Peter Halley: The Early Paintings


La Florida, February - September, 2022

Press Release

López de la Serna CAC is proud to present its first exhibition project as a centre of contemporary art: The Early Paintings of the American artist Peter Halley (b. New York, 1953). This new phase will focus on programming curated exhibitions in our emblematic space in La Florida, in collaboration with both artists and institutions, both national and international. This inaugural show is made up of a careful selection of paintings from the second half of the 1980s, a foundational period in Halley’s career.

Halley’s work is characterized by chromatic intensity and uses of the language of geometric abstraction, in his case always with a figurative referent, as he has explained in his own writings on art. Although he acknowledges that he is heir to the abstract pictorial tradition, his return to geometry reflects the underlying structures of our technological society, thus contrasting with previous generations, who sought to represent the essential order of the universe — as in the visions of Malevich and Mondrian — or to evoke the sublime — in the case of American artists such as Rothko and Newman.

Halley recontextualizes the geometric abstraction of the avant-garde and preceding movements in an urban environment, providing a social and aesthetic critique of Modernism’s idealism. The work he produced in the early decades of his career has a solid theoretical foundation, outlined in a series of essays published in 1988 and considered an important contribution to postmodern critical discourse. In 1980, on his return to New York after studying for some years at prestigious academic institutions, he was struck by the functional role of geometry in that great metropolis. Intuitively he began to perceive the city as a geometric machine, a three-dimensional network where the uniformity and standardization of architecture allows for the systematized control of human beings.

It was then that the young Peter Halley became involved in the intellectual and artistic environment of the East Village, where he had his studio. This vibrant scene of galleries run by artists, in contact with critics and curators, gave rise to a new artistic current: Geometric Neo-Conceptualism. Halley was to be one of the leading exponents “Neo-Geo”, which emerged in response to Neo-Expressionist emotionality and Minimalist neutrality. For Halley, as for Albers, painting is about structure, space, internal tensions, and chromatic relationships, and colour was a primary compositional element. But if geometry used to be associated with progress and reason, now it has to do with established power and is an instrument of repression and domination of space.

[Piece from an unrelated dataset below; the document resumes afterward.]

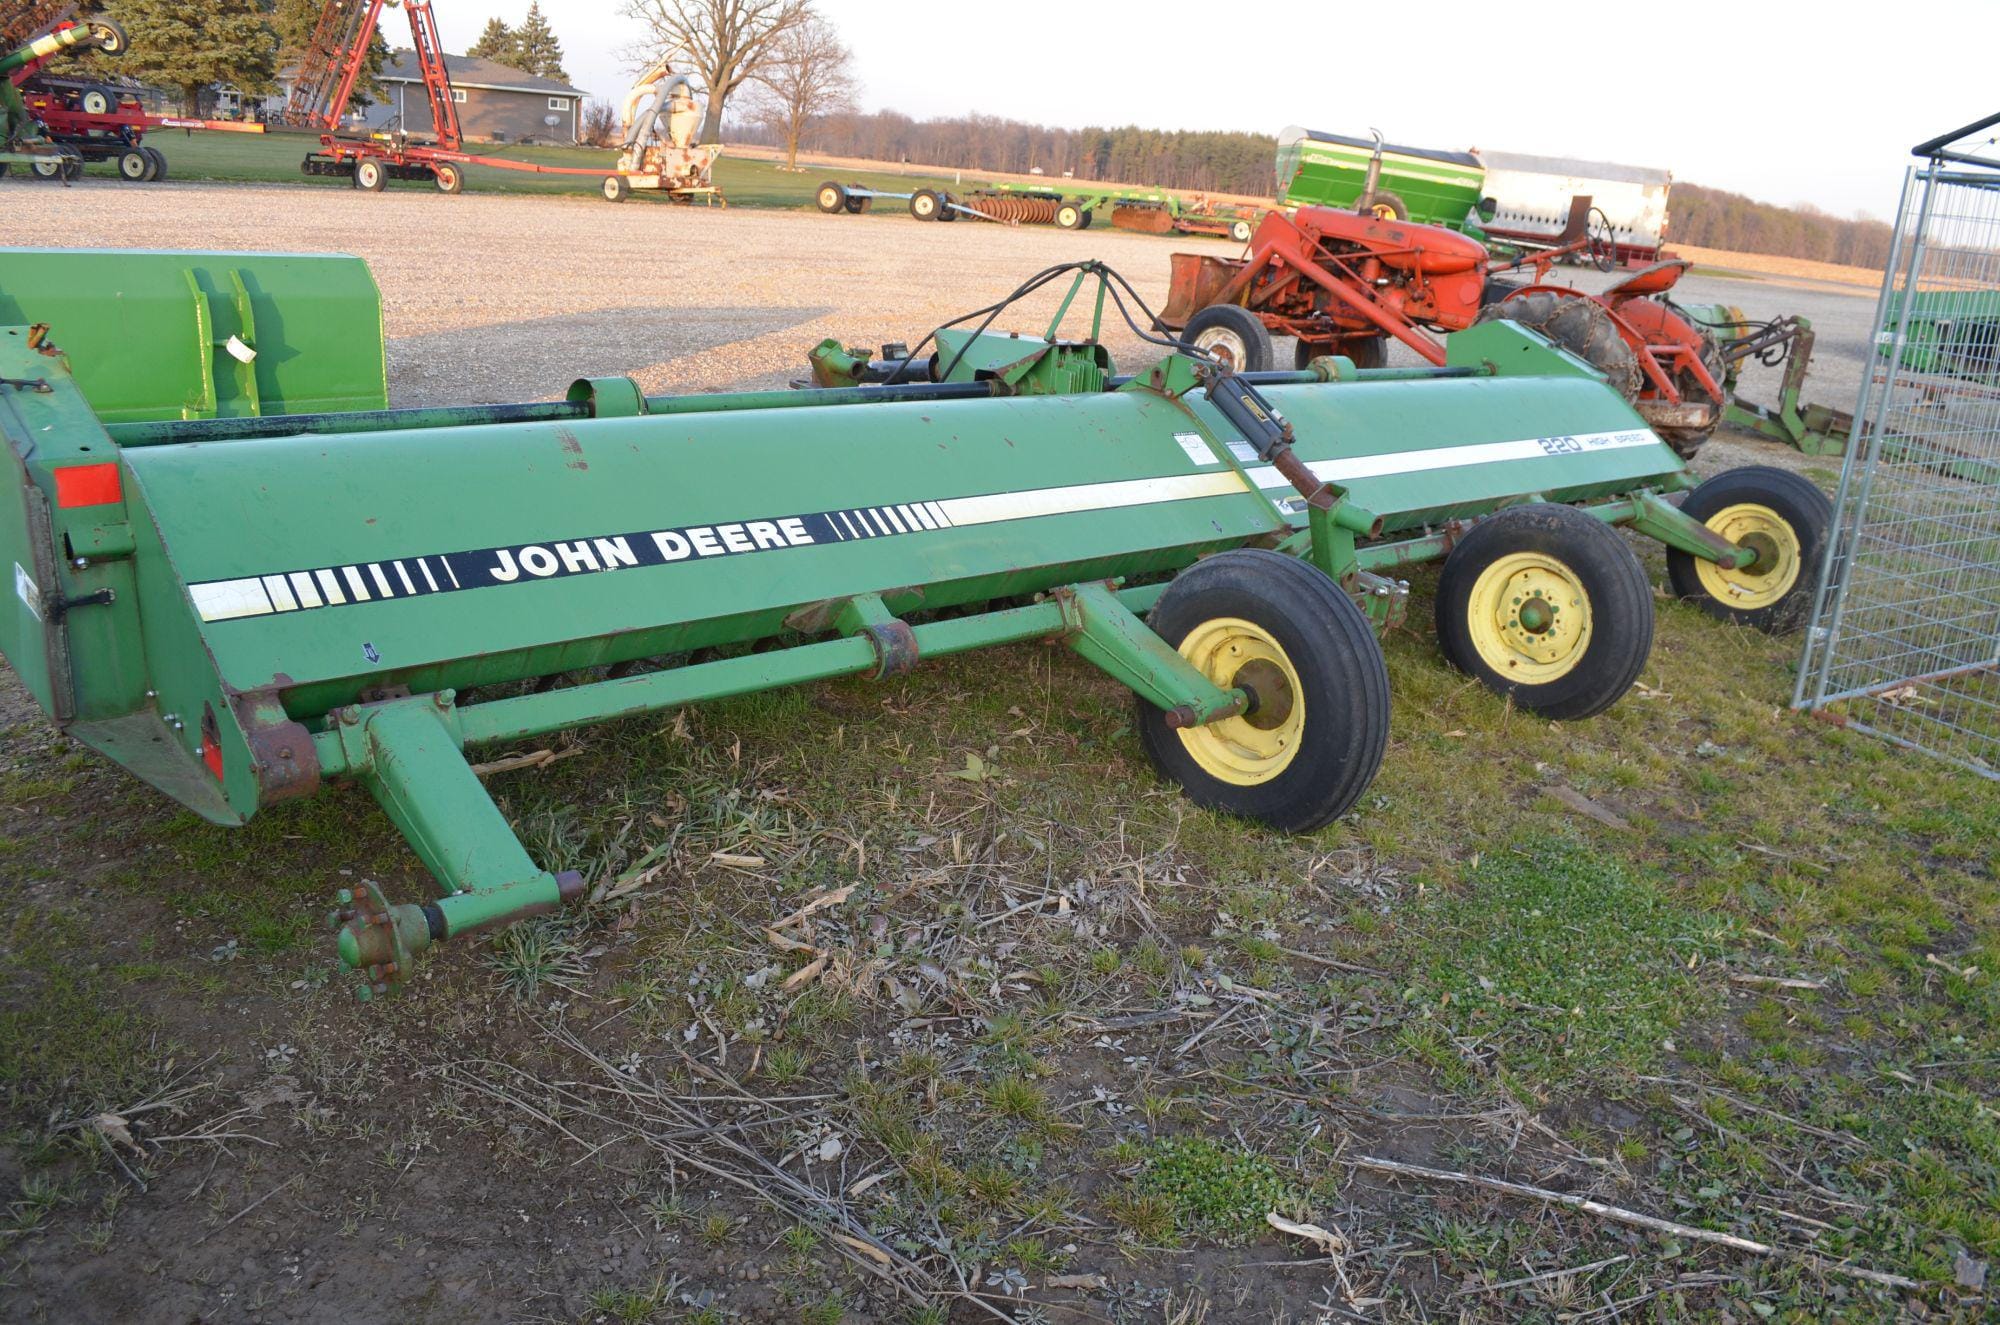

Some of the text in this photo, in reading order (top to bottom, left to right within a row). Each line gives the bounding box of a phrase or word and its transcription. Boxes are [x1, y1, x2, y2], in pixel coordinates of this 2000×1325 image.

[1537, 436, 1583, 455] 220
[489, 517, 815, 582] JOHN DEERE

Impressed by Frank Stella’s Morocco series (1964–65), Halley began to use fluorescent acrylic pigments in 1981. They give off an eerie glow that recalls the artificial lights of shopping malls and the mysterious luminescence of screens that broadcast seductive, brightly coloured advertisements; it creates an aura of attraction similar to that of stained glass, and the artist refers to Day-Glo paint as a signifier of low-budget mysticism. In that year he also experimented with a texture product that mimics the effect of stucco —marketed as Roll-a-Tex — and widely used on the rough-finished walls and ceilings of low-cost flats, motels, and other suburban interiors of the period.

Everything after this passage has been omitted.